Aggregate profiles based on given grouping variables.

pycytominer.aggregate.aggregate(population_df: DataFrame, strata: list[str] = ['Metadata_Plate', 'Metadata_Well'], features: list[str] | str = 'infer', image_features: bool = False, operation: str = 'median', output_file: str | None = None, output_type: Literal['csv', 'parquet', 'anndata_h5ad', 'anndata_zarr', None] = 'csv', compute_object_count: bool = False, object_feature: str = 'Metadata_ObjectNumber', subset_data_df: DataFrame | None = None, compression_options: str | dict[str, Any] | None = None, float_format: str | None = None) → DataFrame¶

Combine population dataframe variables by strata groups using given operation.

Parameters:

population_df (pd.DataFrame) – DataFrame to group and aggregate.
strata (list of str, default ["Metadata_Plate", "Metadata_Well"]) – Columns to groupby and aggregate.
features (list of str, default "infer") – List of features that should be aggregated.
image_features (bool, default False) – Whether to include inferred Image_* feature columns.

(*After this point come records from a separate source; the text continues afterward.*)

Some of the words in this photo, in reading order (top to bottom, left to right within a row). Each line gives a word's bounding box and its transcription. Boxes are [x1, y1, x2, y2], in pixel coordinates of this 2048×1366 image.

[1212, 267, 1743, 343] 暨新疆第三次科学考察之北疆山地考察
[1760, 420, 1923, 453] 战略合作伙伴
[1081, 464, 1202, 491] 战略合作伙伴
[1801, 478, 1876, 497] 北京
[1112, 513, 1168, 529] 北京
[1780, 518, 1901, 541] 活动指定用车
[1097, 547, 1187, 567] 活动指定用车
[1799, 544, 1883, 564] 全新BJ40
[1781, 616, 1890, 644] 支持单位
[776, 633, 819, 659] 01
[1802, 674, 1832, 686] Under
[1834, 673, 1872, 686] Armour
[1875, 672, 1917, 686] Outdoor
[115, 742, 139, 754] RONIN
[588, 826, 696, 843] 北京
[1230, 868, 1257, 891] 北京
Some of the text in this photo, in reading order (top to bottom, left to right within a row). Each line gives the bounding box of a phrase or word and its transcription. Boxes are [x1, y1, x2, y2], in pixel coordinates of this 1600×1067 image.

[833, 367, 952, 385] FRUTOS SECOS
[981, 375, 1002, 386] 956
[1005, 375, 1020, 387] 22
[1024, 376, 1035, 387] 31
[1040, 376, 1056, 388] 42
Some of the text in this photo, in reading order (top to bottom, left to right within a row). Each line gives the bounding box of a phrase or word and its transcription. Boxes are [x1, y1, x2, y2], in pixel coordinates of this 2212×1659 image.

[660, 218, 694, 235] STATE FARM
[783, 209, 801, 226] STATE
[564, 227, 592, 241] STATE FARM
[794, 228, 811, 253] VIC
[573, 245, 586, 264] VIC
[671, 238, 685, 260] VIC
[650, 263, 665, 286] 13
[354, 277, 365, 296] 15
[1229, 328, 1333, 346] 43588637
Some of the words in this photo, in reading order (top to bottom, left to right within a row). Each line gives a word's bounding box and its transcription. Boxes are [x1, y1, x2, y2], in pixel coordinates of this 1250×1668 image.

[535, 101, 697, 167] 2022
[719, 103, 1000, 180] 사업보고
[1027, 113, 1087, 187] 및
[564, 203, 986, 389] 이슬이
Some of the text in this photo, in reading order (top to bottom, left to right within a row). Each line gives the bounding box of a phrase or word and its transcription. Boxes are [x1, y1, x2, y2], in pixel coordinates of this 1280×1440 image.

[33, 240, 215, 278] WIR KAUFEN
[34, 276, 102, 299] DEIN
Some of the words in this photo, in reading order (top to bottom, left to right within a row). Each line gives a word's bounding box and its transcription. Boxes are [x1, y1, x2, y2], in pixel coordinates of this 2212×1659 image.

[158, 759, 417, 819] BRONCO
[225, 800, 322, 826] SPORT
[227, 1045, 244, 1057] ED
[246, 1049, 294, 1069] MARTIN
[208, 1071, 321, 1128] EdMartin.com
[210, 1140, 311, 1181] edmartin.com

When True, Pycytominer preserves numeric image-level measurements while excluding non-numeric Image_* columns, which helps avoid treating image payload columns as profile features in mixed tables such as OME-Arrow-backed inputs.
operation (str, default "median") – How the data is aggregated. Currently only supports one of [‘mean’, ‘median’].
output_file (str or file handle, optional) – If provided, will write aggregated profiles to file. If not specified, will return the aggregated profiles. We recommend naming the file based on the plate name.
output_type (str, optional) – If provided, will write aggregated profiles as a specified file type (either CSV or parquet). If not specified and output_file is provided, then the file will be outputed as CSV as default.
compute_object_count (bool, default False) – Whether or not to compute object counts.
object_feature (str, default "Metadata_ObjectNumber") – Object number feature. Only used if compute_object_count=True.
subset_data_df (pd.DataFrame) – How to subset the input.
compression_options (str or dict, optional) – Contains compression options as input to pd.DataFrame.to_csv(compression=compression_options). pandas version >= 1.2.
float_format (str, optional) – Decimal precision to use in writing output file as input to pd.DataFrame.to_csv(float_format=float_format). For example, use “%.3g” for 3 decimal precision.

Returns:

DataFrame of aggregated features. If output_file=None, then return the DataFrame. If you specify output_file, profiles will be written on disk based on provided output_file path.

Return type:

pd.DataFrame

Notes

Parameters: output_file, output_type, compression_options, and float_format are passed as kwargs to the write_to_file_if_user_specifies_output_details decorator, which handles writing the output DataFrame to file if the user specifies output details. If output_file is not specified, the function will return the aggregated DataFrame instead of writing to file.